(Spatial localization data)

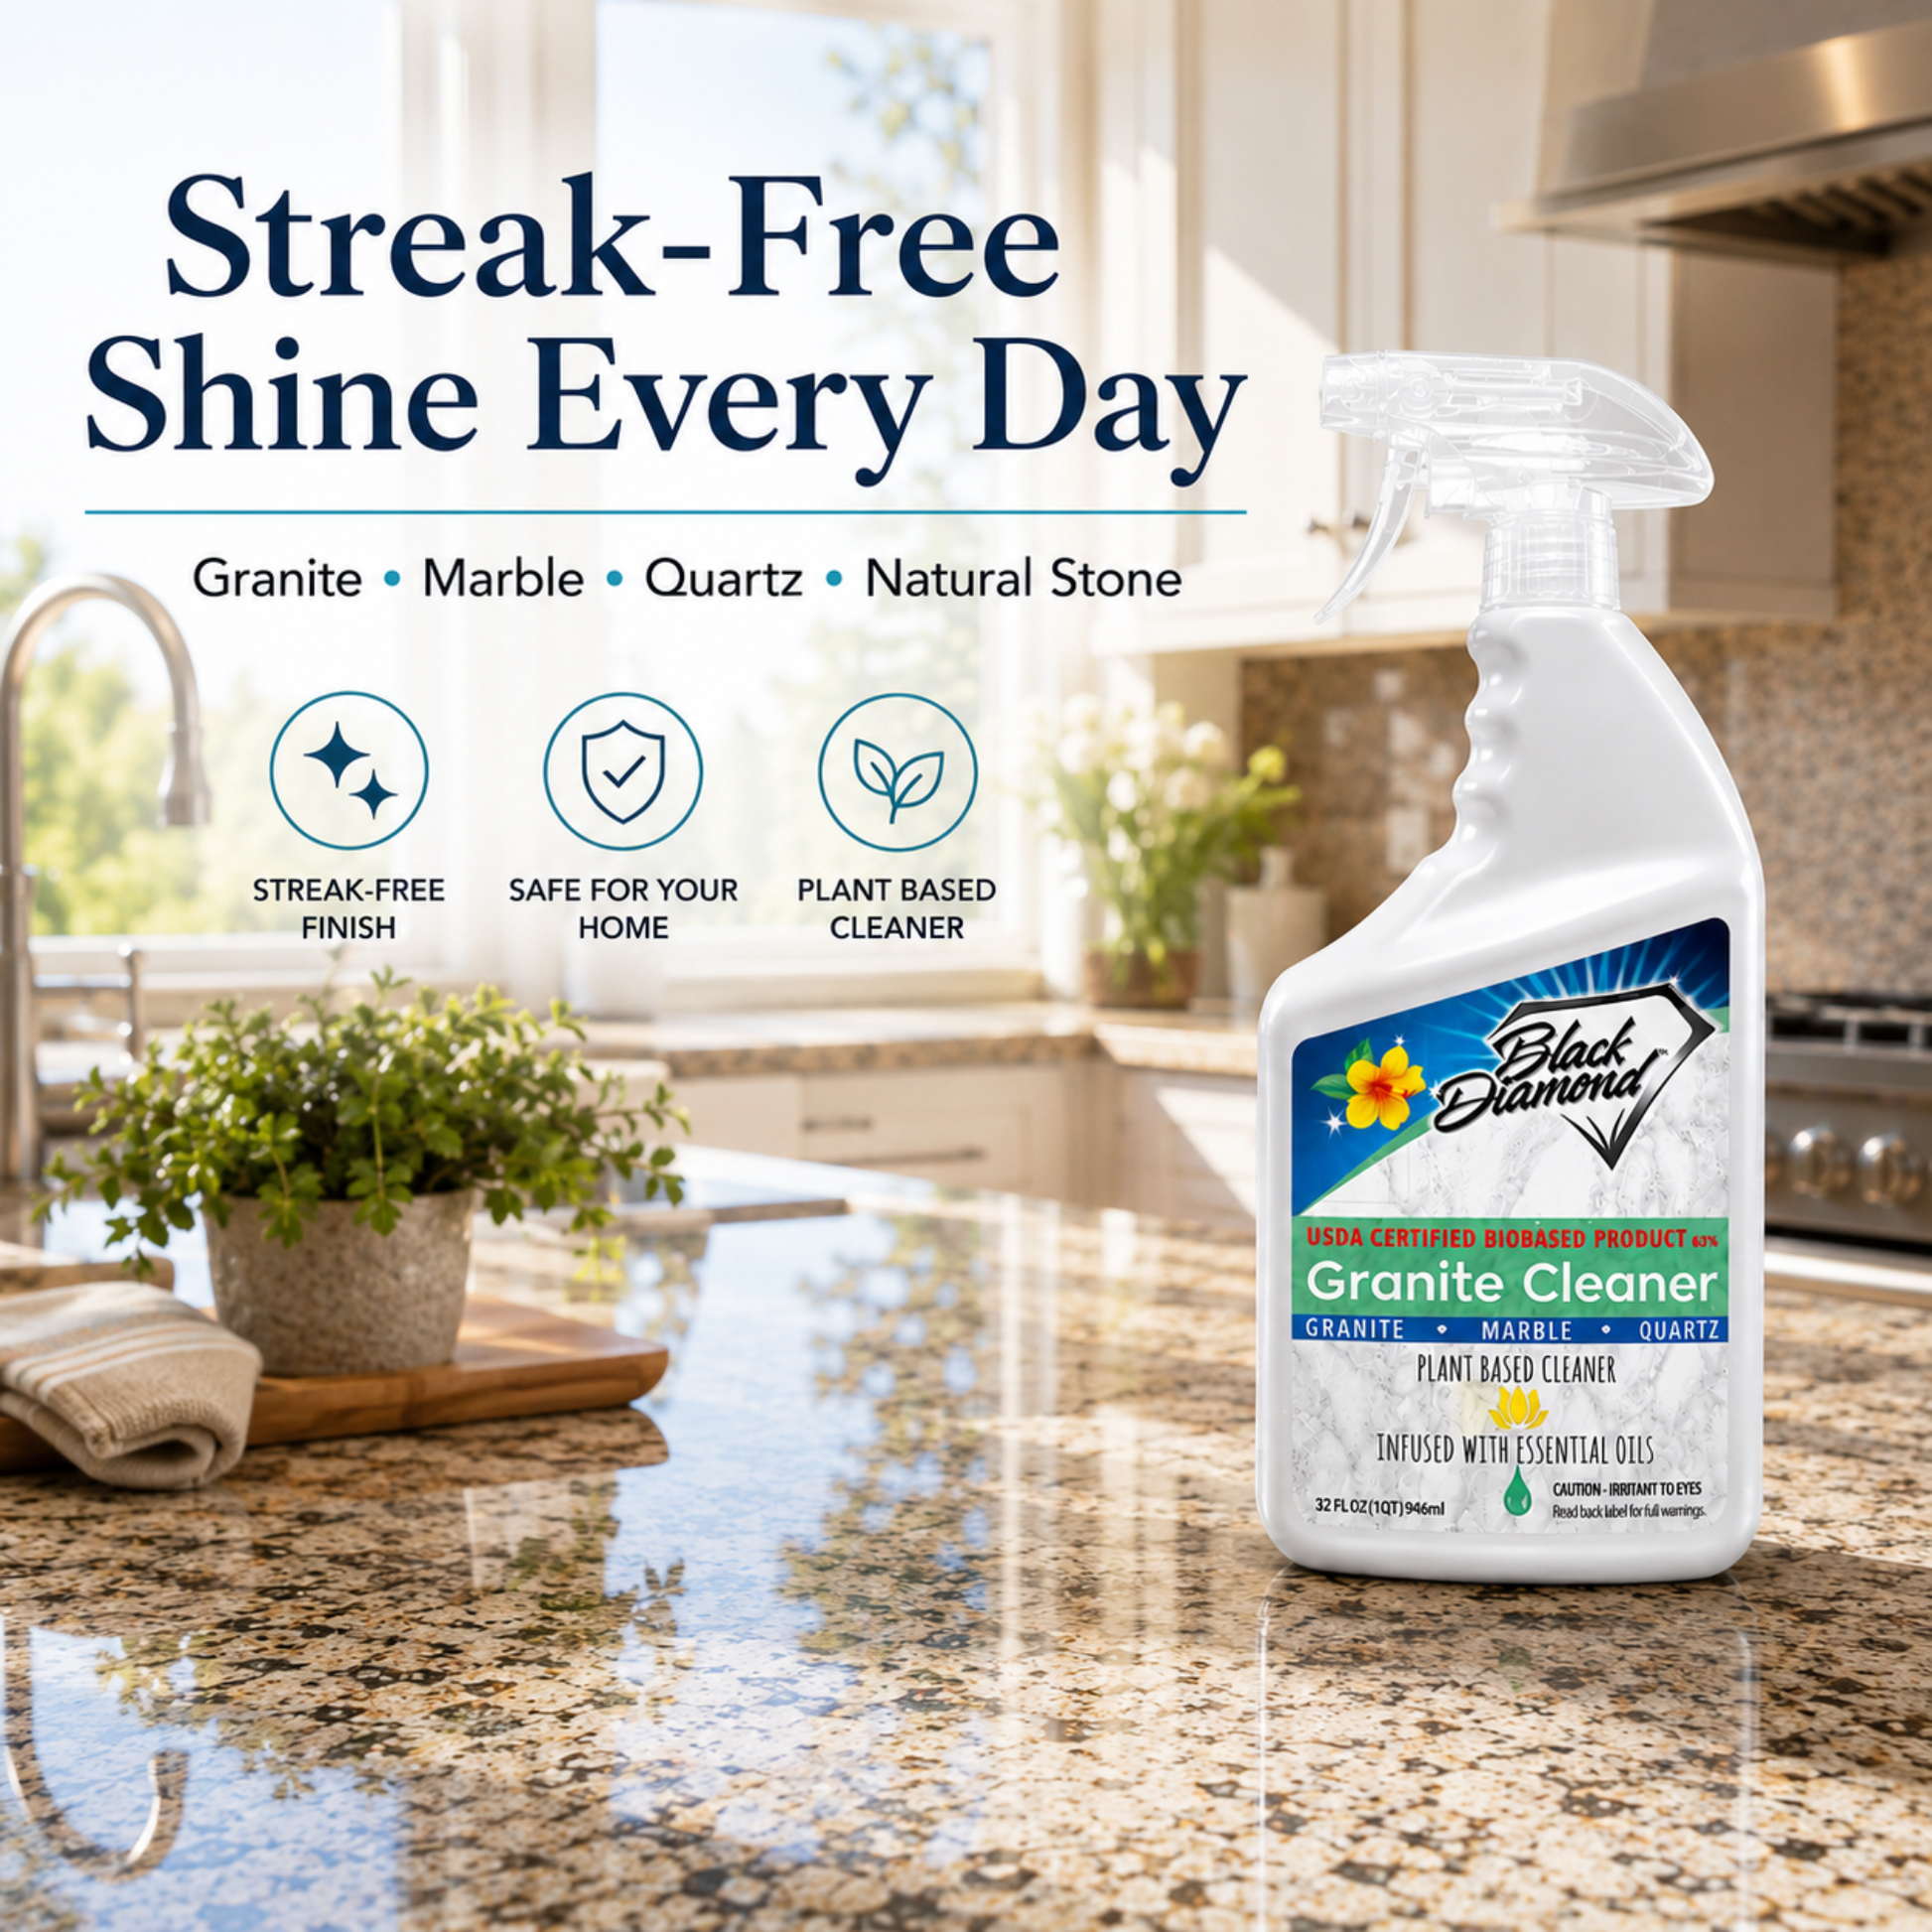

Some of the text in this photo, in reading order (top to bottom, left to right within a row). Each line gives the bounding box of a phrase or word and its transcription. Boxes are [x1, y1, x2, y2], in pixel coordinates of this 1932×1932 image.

[1491, 1016, 1636, 1081] Black
[1434, 1047, 1660, 1134] Diamond
[1307, 1226, 1363, 1247] USDA
[1369, 1227, 1476, 1249] CERTIFIED
[1484, 1228, 1587, 1249] BIOBASED
[1593, 1228, 1687, 1249] PRODUCT
[1307, 1259, 1719, 1303] Granite Cleaner
[1305, 1317, 1720, 1341] GRANITE MARBLE QUARTZ
[1417, 1353, 1616, 1383] PLANT BASED CLEANER
[1376, 1433, 1654, 1465] INFUSED WITH ESSENTIAL OILS
[1552, 1481, 1601, 1497] CAUTION
[1608, 1481, 1658, 1497] IRRITANT
[1660, 1481, 1675, 1496] TO
[1676, 1480, 1703, 1495] EYES
[1314, 1497, 1332, 1513] 32
[1333, 1498, 1348, 1513] FL
[1552, 1504, 1579, 1519] Read
[1580, 1504, 1603, 1519] back
[1604, 1504, 1628, 1519] label
[1629, 1503, 1643, 1518] for
[1644, 1503, 1660, 1518] full
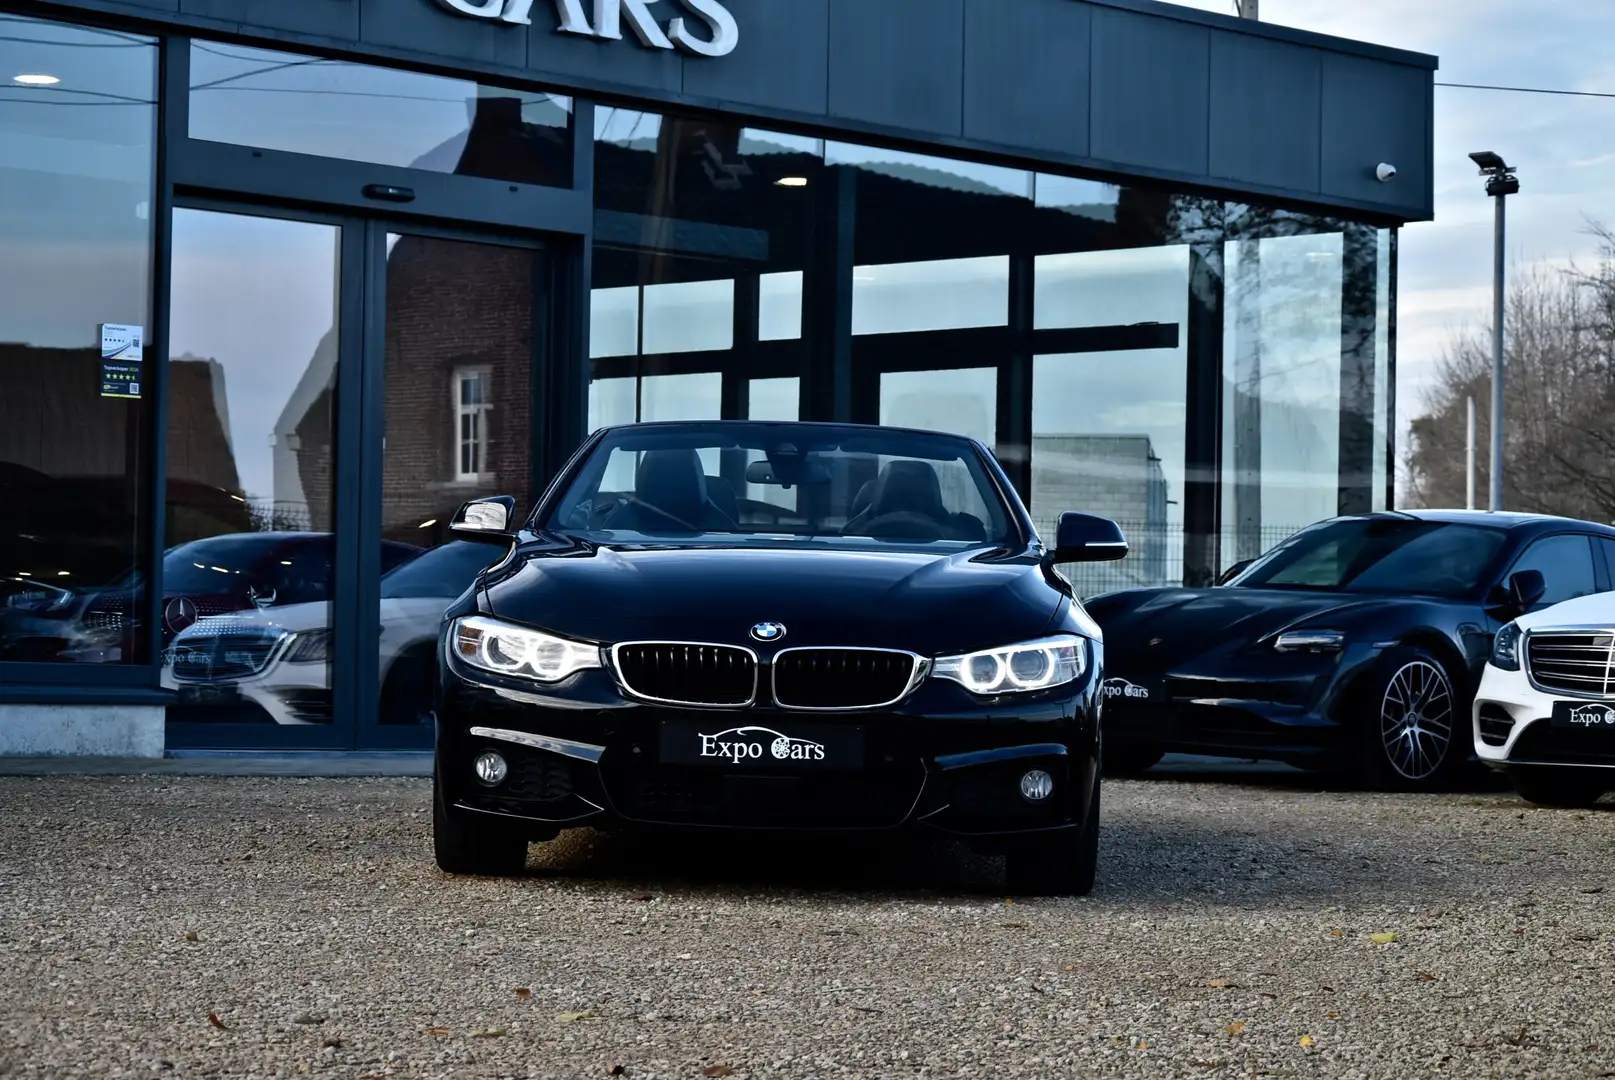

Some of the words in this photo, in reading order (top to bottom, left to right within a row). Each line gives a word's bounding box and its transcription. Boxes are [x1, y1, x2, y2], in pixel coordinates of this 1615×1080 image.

[1104, 685, 1122, 699] xpo
[1124, 684, 1149, 699] Cars
[1569, 708, 1601, 727] Expo
[698, 732, 763, 764] Expo
[771, 737, 826, 760] Cars
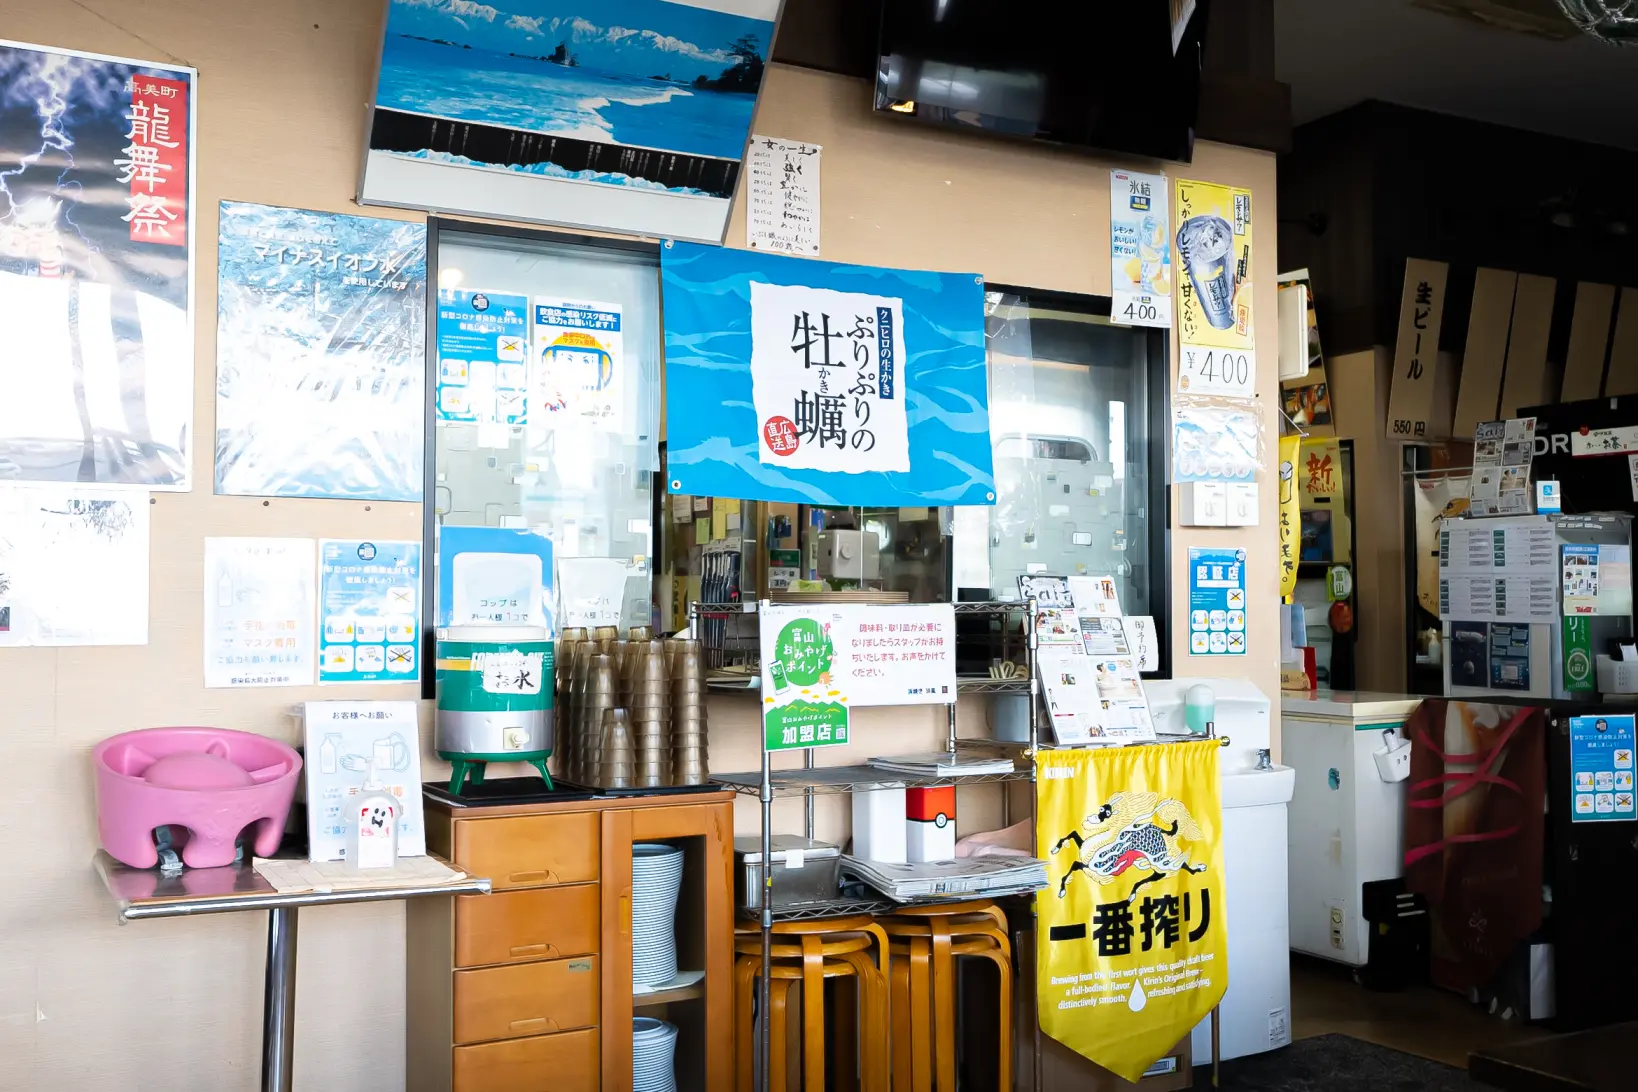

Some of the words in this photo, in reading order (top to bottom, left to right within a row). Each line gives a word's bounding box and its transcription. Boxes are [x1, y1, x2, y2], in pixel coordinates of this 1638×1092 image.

[762, 139, 816, 155] 女の一生
[113, 100, 180, 238] 龍舞祭
[1130, 180, 1152, 197] 氷結
[1114, 226, 1134, 235] レモンが
[1123, 302, 1156, 320] 400
[1407, 281, 1434, 380] 生ビール
[880, 308, 893, 397] クニヒロの生かき
[790, 310, 847, 450] 牡蠣
[818, 366, 831, 394] かき
[846, 314, 876, 453] ぷりぷりの
[1392, 419, 1411, 433] 550
[1413, 420, 1426, 436] 円
[1306, 452, 1334, 485] 新
[480, 599, 517, 608] コップは
[791, 627, 815, 644] 富山
[859, 623, 942, 633] 調味料・取り皿が必要に
[851, 636, 945, 648] なりましたらスタッフがお持
[783, 643, 828, 660] おみやげ
[785, 657, 825, 675] ポイント
[851, 667, 885, 677] ください。
[332, 710, 394, 720] お客様へお願い
[781, 723, 832, 745] 加盟店
[1049, 888, 1211, 957] 一番搾り
[1051, 974, 1078, 985] Brewing
[1079, 971, 1092, 982] from
[1094, 970, 1105, 979] the
[1123, 968, 1137, 977] wort
[1138, 965, 1154, 976] gives
[1156, 963, 1168, 972] this
[1169, 959, 1187, 971] quality
[1187, 955, 1200, 965] draft
[1200, 953, 1214, 962] beer
[1143, 975, 1163, 986] Kirin's
[1164, 971, 1185, 984] Original
[1071, 982, 1108, 996] full-bodied
[1147, 986, 1176, 998] refreshing
[1176, 984, 1185, 993] and
[1185, 978, 1212, 991] satisfying.
[1058, 996, 1098, 1010] distinctively
[1098, 994, 1127, 1004] smooth.

* [PROBLEM STATEMENT]: Reproduce all of the records above exactly, but exclude the pictures.

* [TASK RESULT]:
Some of the text in this photo, in reading order (top to bottom, left to right within a row). Each line gives the bounding box of a phrase or word and its transcription. Boxes are [x1, y1, x2, y2], in pixel coordinates of this 1932×1932 image.

[1491, 1016, 1636, 1081] Black
[1434, 1047, 1660, 1134] Diamond
[1307, 1226, 1363, 1247] USDA
[1369, 1227, 1476, 1249] CERTIFIED
[1484, 1228, 1587, 1249] BIOBASED
[1593, 1228, 1687, 1249] PRODUCT
[1307, 1259, 1719, 1303] Granite Cleaner
[1305, 1317, 1720, 1341] GRANITE MARBLE QUARTZ
[1417, 1353, 1616, 1383] PLANT BASED CLEANER
[1376, 1433, 1654, 1465] INFUSED WITH ESSENTIAL OILS
[1552, 1481, 1601, 1497] CAUTION
[1608, 1481, 1658, 1497] IRRITANT
[1660, 1481, 1675, 1496] TO
[1676, 1480, 1703, 1495] EYES
[1314, 1497, 1332, 1513] 32
[1333, 1498, 1348, 1513] FL
[1552, 1504, 1579, 1519] Read
[1580, 1504, 1603, 1519] back
[1604, 1504, 1628, 1519] label
[1629, 1503, 1643, 1518] for
[1644, 1503, 1660, 1518] full

Some of the words in this photo, in reading order (top to bottom, left to right within a row). Each line gives a word's bounding box and its transcription. Boxes are [x1, y1, x2, y2], in pixel coordinates of this 1615×1080 image.

[1104, 685, 1122, 699] xpo
[1124, 684, 1149, 699] Cars
[1569, 708, 1601, 727] Expo
[698, 732, 763, 764] Expo
[771, 737, 826, 760] Cars

Some of the words in this photo, in reading order (top to bottom, left to right within a row). Each line gives a word's bounding box and its transcription. Boxes are [x1, y1, x2, y2], in pixel coordinates of this 1638×1092 image.

[762, 139, 816, 155] 女の一生
[113, 100, 180, 238] 龍舞祭
[1130, 180, 1152, 197] 氷結
[1114, 226, 1134, 235] レモンが
[1123, 302, 1156, 320] 400
[1407, 281, 1434, 380] 生ビール
[880, 308, 893, 397] クニヒロの生かき
[790, 310, 847, 450] 牡蠣
[818, 366, 831, 394] かき
[846, 314, 876, 453] ぷりぷりの
[1392, 419, 1411, 433] 550
[1413, 420, 1426, 436] 円
[1306, 452, 1334, 485] 新
[480, 599, 517, 608] コップは
[791, 627, 815, 644] 富山
[859, 623, 942, 633] 調味料・取り皿が必要に
[851, 636, 945, 648] なりましたらスタッフがお持
[783, 643, 828, 660] おみやげ
[785, 657, 825, 675] ポイント
[851, 667, 885, 677] ください。
[332, 710, 394, 720] お客様へお願い
[781, 723, 832, 745] 加盟店
[1049, 888, 1211, 957] 一番搾り
[1051, 974, 1078, 985] Brewing
[1079, 971, 1092, 982] from
[1094, 970, 1105, 979] the
[1123, 968, 1137, 977] wort
[1138, 965, 1154, 976] gives
[1156, 963, 1168, 972] this
[1169, 959, 1187, 971] quality
[1187, 955, 1200, 965] draft
[1200, 953, 1214, 962] beer
[1143, 975, 1163, 986] Kirin's
[1164, 971, 1185, 984] Original
[1071, 982, 1108, 996] full-bodied
[1147, 986, 1176, 998] refreshing
[1176, 984, 1185, 993] and
[1185, 978, 1212, 991] satisfying.
[1058, 996, 1098, 1010] distinctively
[1098, 994, 1127, 1004] smooth.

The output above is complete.